The current fingerprint identification schemes include optical technology, silicon technology (capacitive/radio frequency type), ultrasonic technology, etc. Among them, the optical fingerprint recognition technology has been widely used in portable electronic devices.

The optical fingerprint recognition technology adopts an optical image capturing device based on the total reflection principle (FTIR) of light. The light strikes the surface of the light-transmitting layer (such as organic or inorganic glass) pressed with a fingerprint, the reflected light is obtained by the image sensor, and the amount of the reflected light depends on the depth of ridges and valleys of the fingerprint pressed on the surface of the glass, and the grease and moisture between the skin and the glass. The light is reflected to the image sensor by the interface between the glass and the air after the light is emitted to the center of the valley through the glass, and the light emitted to the ridge is not reflected by the total reflection but is absorbed by the contact surface between the ridge and the glass or reflected to other center in a diffused manner, so that the image of the fingerprint is formed on the image sensor.
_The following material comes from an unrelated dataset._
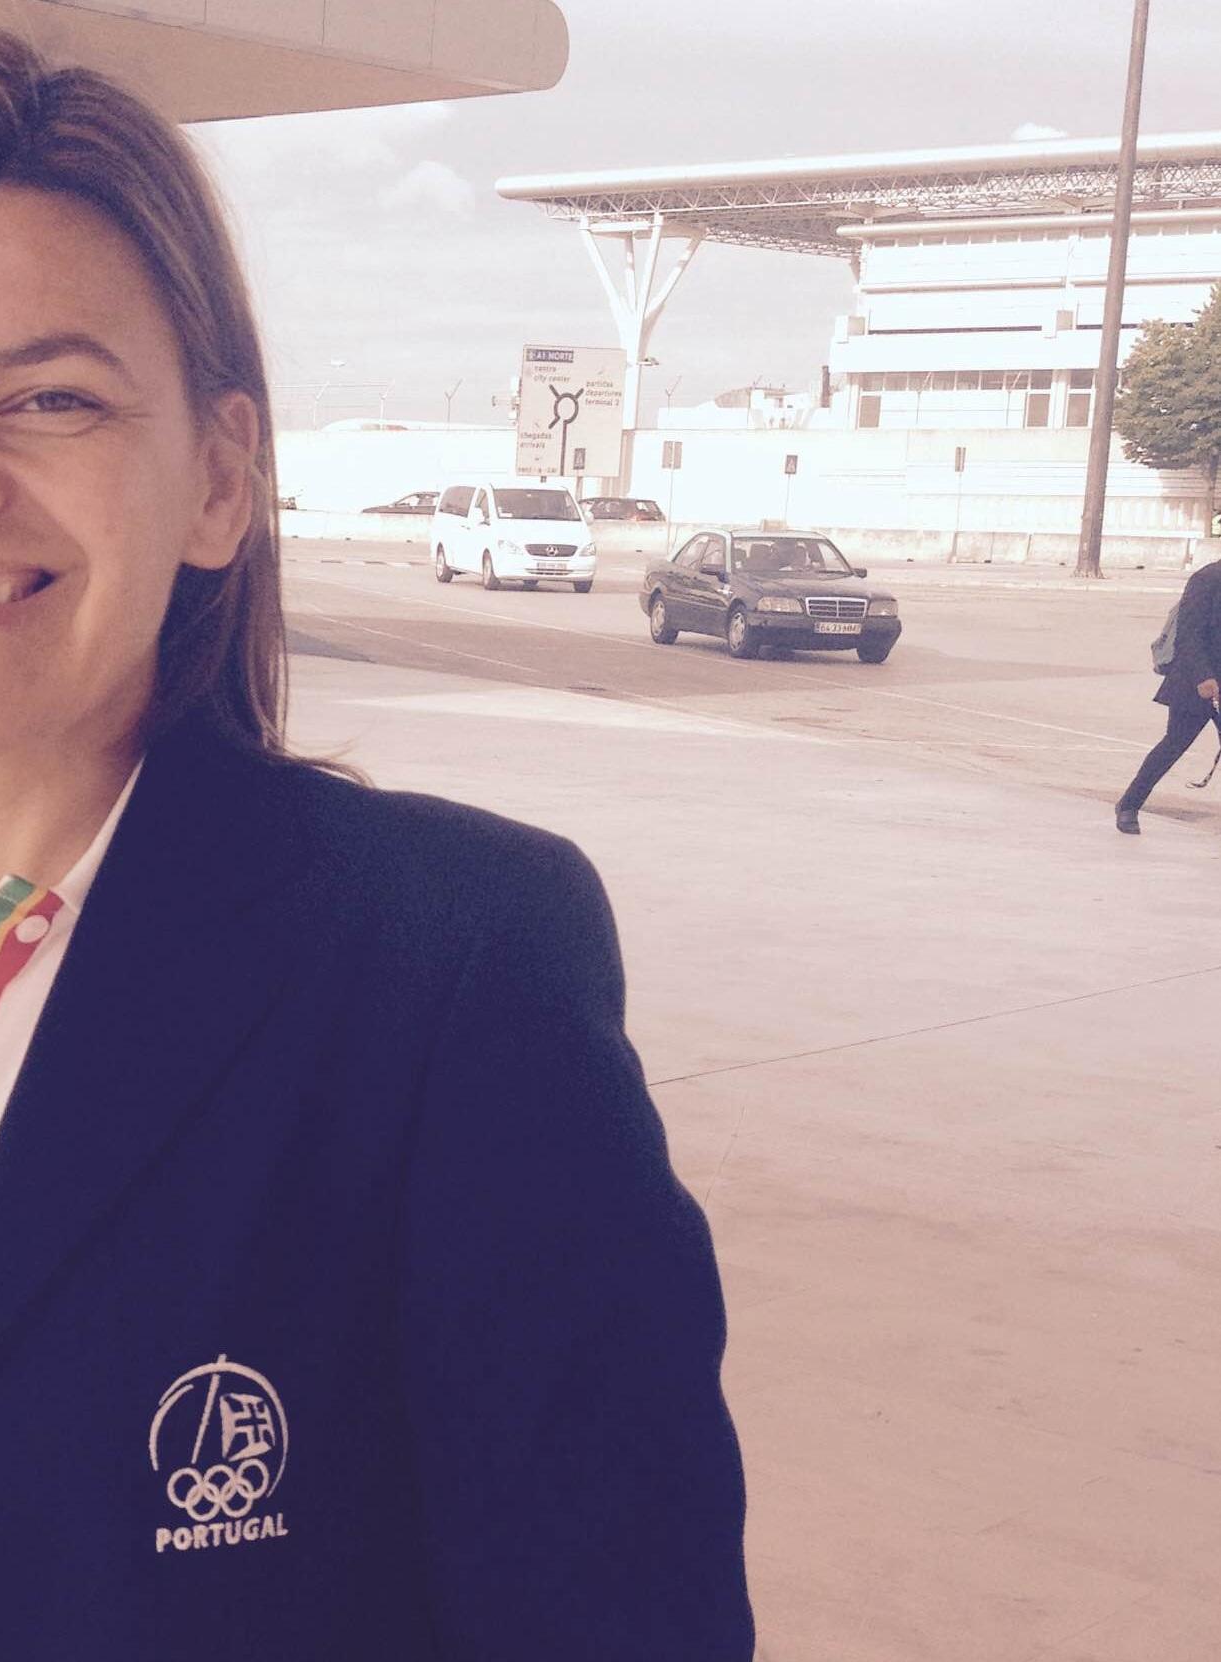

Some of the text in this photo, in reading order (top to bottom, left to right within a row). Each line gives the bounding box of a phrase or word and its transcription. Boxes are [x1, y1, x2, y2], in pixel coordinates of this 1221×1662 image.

Since a microlens with a larger size is required to increase the energy of incident light and achieve higher image quality, in the prior art, it is often necessary to provide a thicker light-transmitting layer (above 50 μm) above the pixel units and a thicker light-blocking structure (for example, 15-50 μm) between the pixel units in order to solve the problem that the incident light enters the adjacent pixel units of the image sensor to cause signal crosstalk, and improve the optical performance of the optical fingerprint device. It should be noted that the light-transmitting layer and the light-blocking structure need to avoid the pad region of the image sensor, so as not to affect the electrical connection performance of the pad region.

Fig. 1 and 2 show a manufacturing method of an optical fingerprint device in the prior art, wherein a pixel unit 101 and a pad 102 are formed on an image sensor wafer 100, after a light blocking structure 103 is formed on a surface of the image sensor wafer 100, a light transmitting layer 104 is disposed on the light blocking structure 103, and the light blocking structure 103 and the light transmitting layer 104 corresponding to the pad 102 are removed by a dry etching process, so that the pad 102 is exposed, and the pad 102 is electrically connected to an external power source. However, the dry etching can only remove 5-10 μm of the thickness at one time, and each removal of 1 μm generally requires 0.5-1 minute, so the removal efficiency is low, the throughput is very limited, and the manufacturing cost is increased.

Disclosure of Invention

The invention aims to provide an optical fingerprint device and a manufacturing method thereof, which can improve the production efficiency, increase the productivity and reduce the manufacturing cost.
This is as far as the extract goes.